São Luís do meu imaginário: Reminiscências

“Você está ouvindo a mais poderosa emissora do Norte e do Nordeste do Brasil. ZYF23, ZYF24, Rádio Difusora do Maranhão. 44° 18′ a Oeste de Greenwich, 2° 32′  ao Sul do Equador. Ondas médias, Curtas e Tropicais…”

        Era mais ou menos assim que se ouvia no vozeirão empostado de Fernando Sousa, grande locutor maranhense, o anúncio de que estávamos sintonizados na emissora de maior audiência de São Luís, e do Maranhão, do final dos anos sessenta e inicio dos anos setenta.  As emissões em Frequência Modulada (FM) ainda não haviam chegado à nossa terra. Apenas existiam nos grandes centros do  Sudeste do Brasil. Além da Difusora, havia as Rádios Ribamar, Timbira, Gurupi e, bem depois, a Educadora.

        Além de Fernando Sousa, outros radialistas que fizeram história foram Murilo Campelo, que era piauiense (Rádios Atrações MC), Zé Branco, Guioberto Alves, Herbert Fontenelle, Mauro Campos, Rui Dourado, Leonor Filho, Jafer Nunes, Florisvaldo Sousa… Aos domingos às noites tinham as “paradas de sucesso”, onde se ouviam as 40 músicas mais tocadas durante a semana.  Uma  cópia de um programa famoso das rádios americanas de então (que ainda existem nos dias de hoje, de nome America Top Forty). Épocas de Beatles, Jovem Guarda. Mas as músicas italianas e francesas também estavam nas “paradas de sucessos”.  Ficou famosa a Equipe 680 que comandava as jornadas esportivas da Difusora. Tinha uma música belíssima que era colocada antes, durante e o final das transmissões esportivas.

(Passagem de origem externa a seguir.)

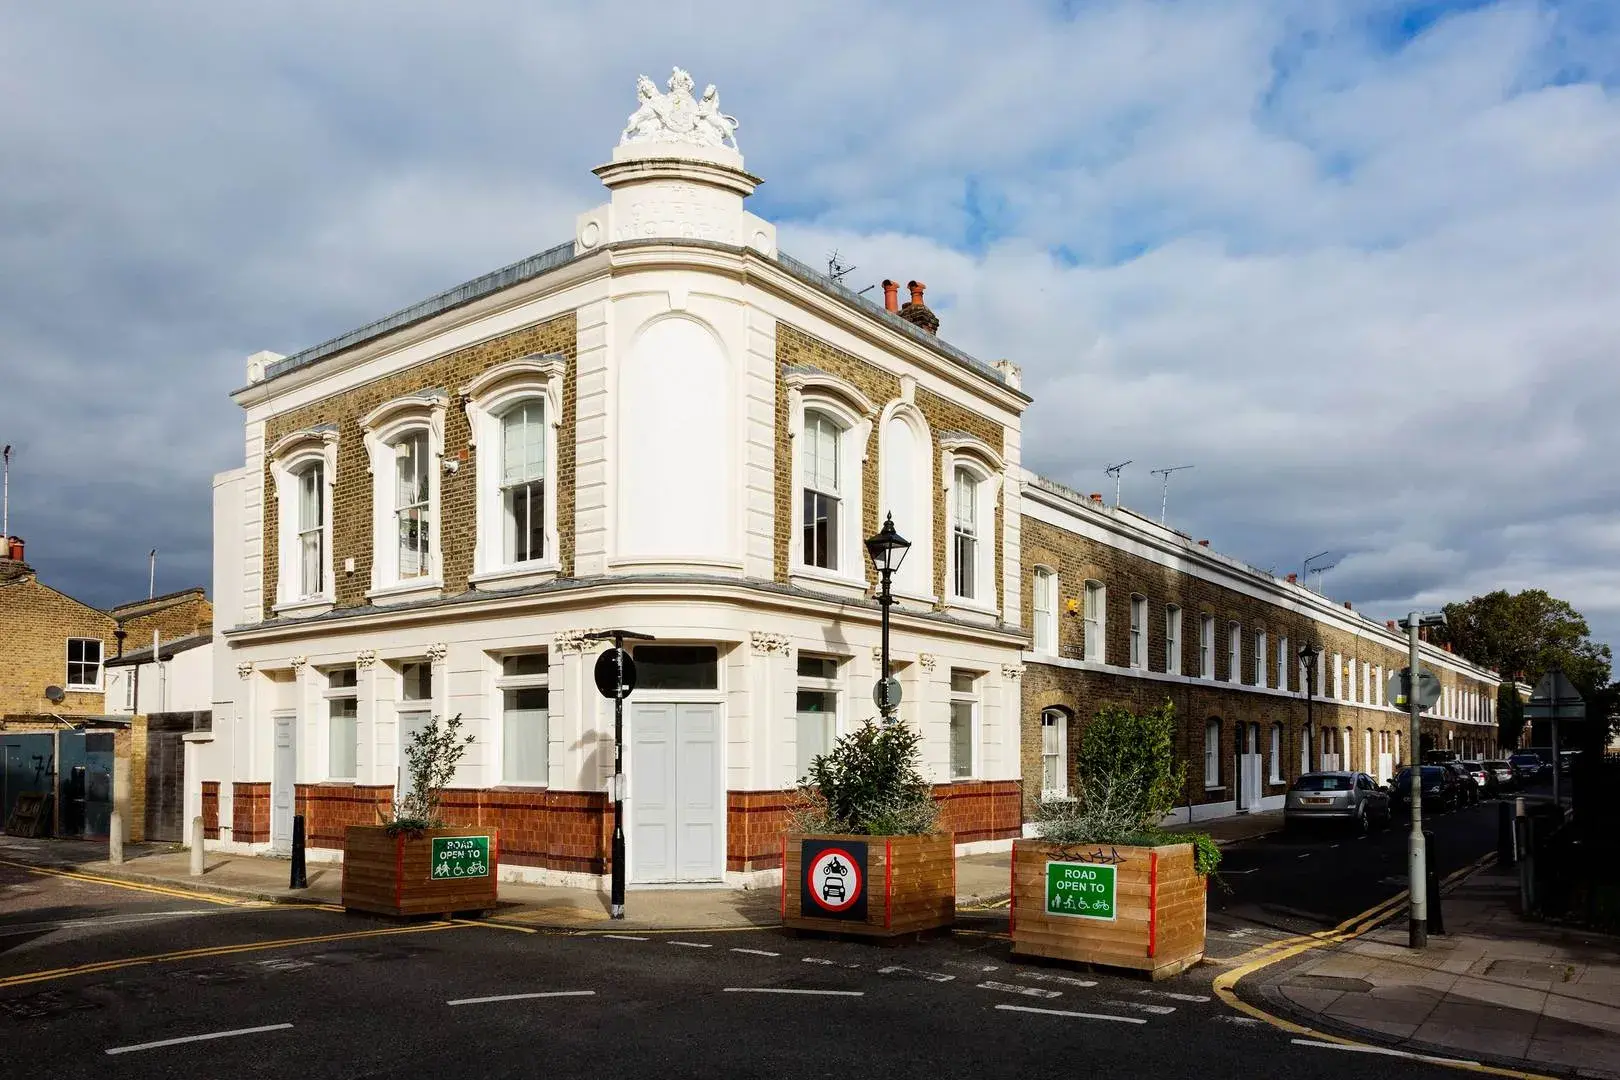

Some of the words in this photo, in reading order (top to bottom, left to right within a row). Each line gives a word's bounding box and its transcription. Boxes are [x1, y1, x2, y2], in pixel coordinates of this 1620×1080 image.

[447, 840, 474, 850] ROAD
[439, 850, 465, 860] OPEN
[467, 849, 480, 858] TO
[1064, 869, 1097, 880] ROAD
[1056, 880, 1087, 892] OPEN
[1089, 882, 1105, 893] TO

        Os Times de futebol eram Sampaio Correa, Moto Club, Maranhão Atlético Clube, Vitória do Mar e Nacional. Sampaio, Maranhão e Moto se reversavam nas conquistas dos títulos estaduais. Eu era “boliviano” fanático. Daqueles de assistir aos treinos e saber decorado quem eram os jogadores do meu time. Sampaio e Moto sempre foram os maiores rivais no futebol maranhense. Mas as rivalidades das torcidas se limitavam aos gritos de gol, vaias… Nada de violência de torcidas organizadas. Aliás, essa figura nefasta não existia. É coisa da modernidade.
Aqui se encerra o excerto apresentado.